The artist using the mythological images with a Freudian analysis in order to give meaning to and to interpret the human consciousness and emotions has been a method utilized by the artists since Modernism to our day. For example, Surrealists have depicted the journey of Theseus within the labyrinth in Cretan Mythology as a journey to the depths of the mind and the instincts of human beings; Theseus overcoming the Minotaur is the discovery of his own self.
Mythological narratives, figures and symbols provide the artists with a wide range of visual metaphors as well as an endless opportunity to reinterpret them. Mythological images can constantly change in the manner most appropriate for the need of the artists to express themselves, but the main topics provided for in the myths remain unchanged. Even though myths seem detached from reality, the universal truths of the human condition lie right underneath the surface of these narratives. Also, even though mythology contains subject matters that pertain to humans, it is a tool for understanding life with a philosophical query and guides the artists towards creating metaphorical images to treat the truth of their own realities.

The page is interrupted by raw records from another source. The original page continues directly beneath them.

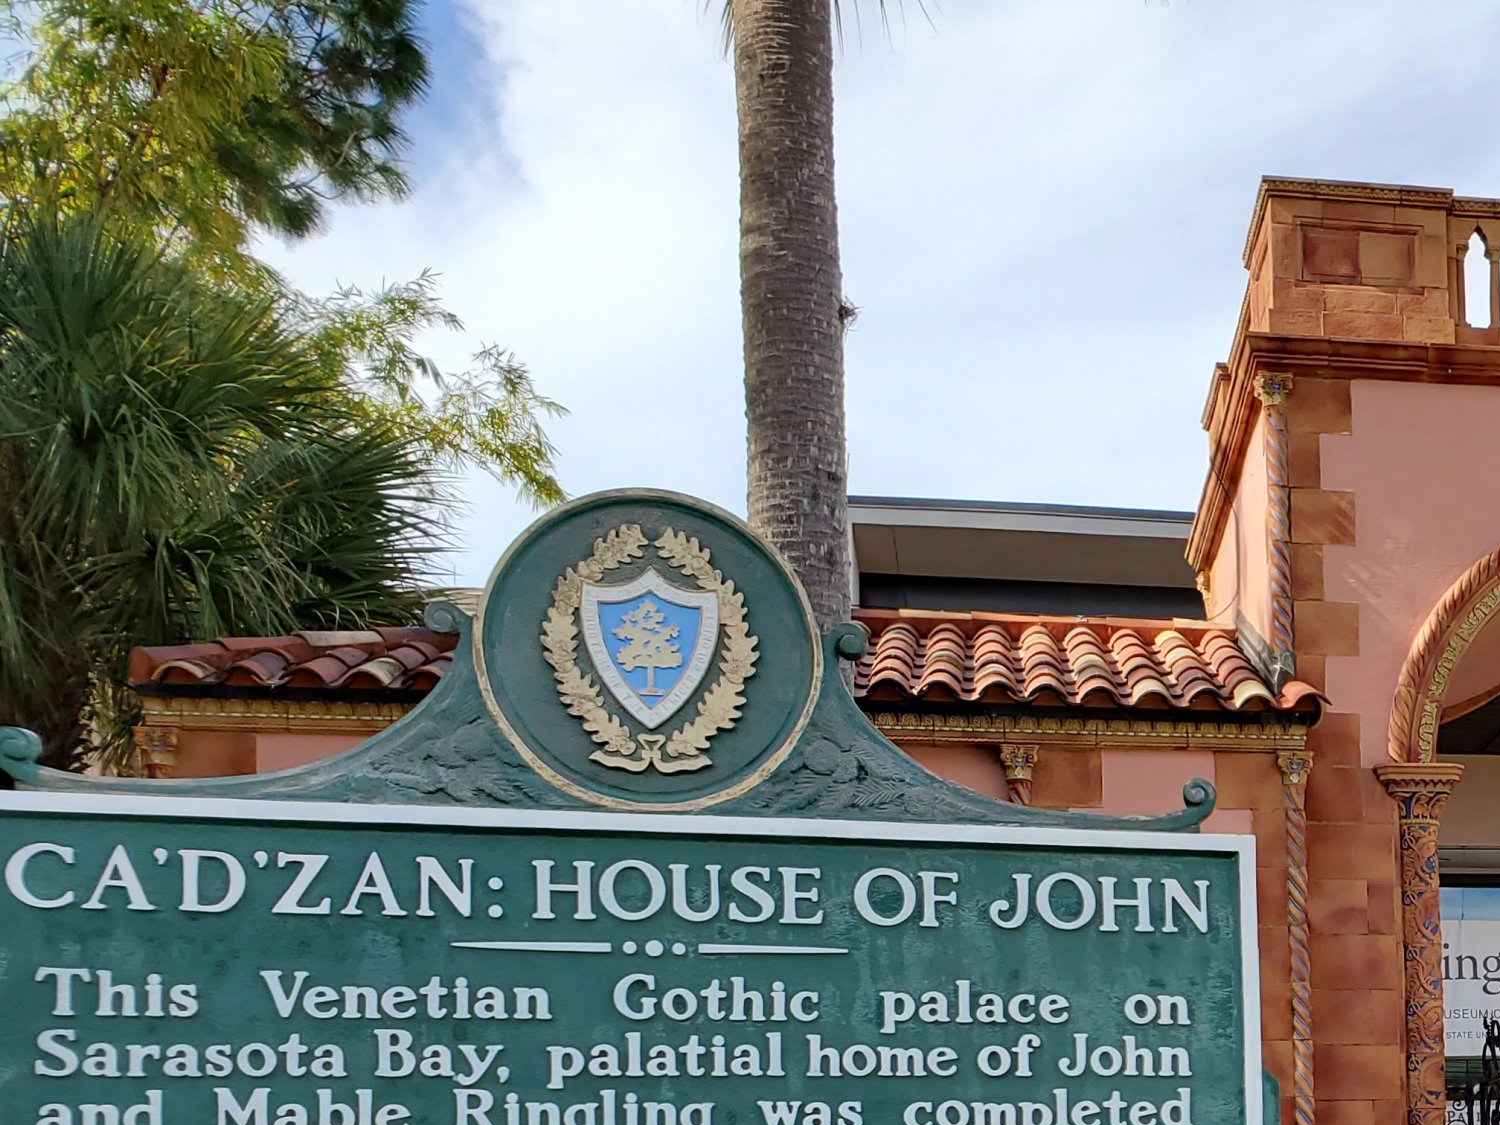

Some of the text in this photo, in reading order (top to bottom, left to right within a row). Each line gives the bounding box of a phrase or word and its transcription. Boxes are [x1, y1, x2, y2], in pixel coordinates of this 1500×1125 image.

[532, 860, 823, 923] HOUSE
[854, 868, 957, 926] OF
[990, 873, 1209, 932] JOHN
[36, 967, 1190, 1033] This Venetian Gothic palace on
[1443, 1008, 1489, 1019] USEUM
[36, 1029, 1192, 1088] Sarasota Bay, palatial home of John
[1445, 1031, 1474, 1039] STATE

In the comprehensive exhibition held by Nazan Azeri in 2019, she displayed her focus on the identities of being a woman and a child throughout her years of art creation. The display of the naked woman figures surrounded by child and nature images in these series of painting also becomes a part of the conceptual framework of the same intellectual and emotional creation. Azeri, as always, with a delicately interwoven search for the truth and this time, using mythological images, brings the circle of intervention acquired by the cliched and the commodified values of the woman and child identities as well as these identities themselves in a post-truth discourse to the forefront. The spectator, with these images that empower the impact of art on the imagination and the unconscious, witnesses Nazan Azeri searching for an answer with a creative process that extends through a time frame of 25 years to the problems of the concept of family conflicting with certain ideological interests, the woman and child identities and rights being constantly corroded and the environmental issues threatening the lives of human beings.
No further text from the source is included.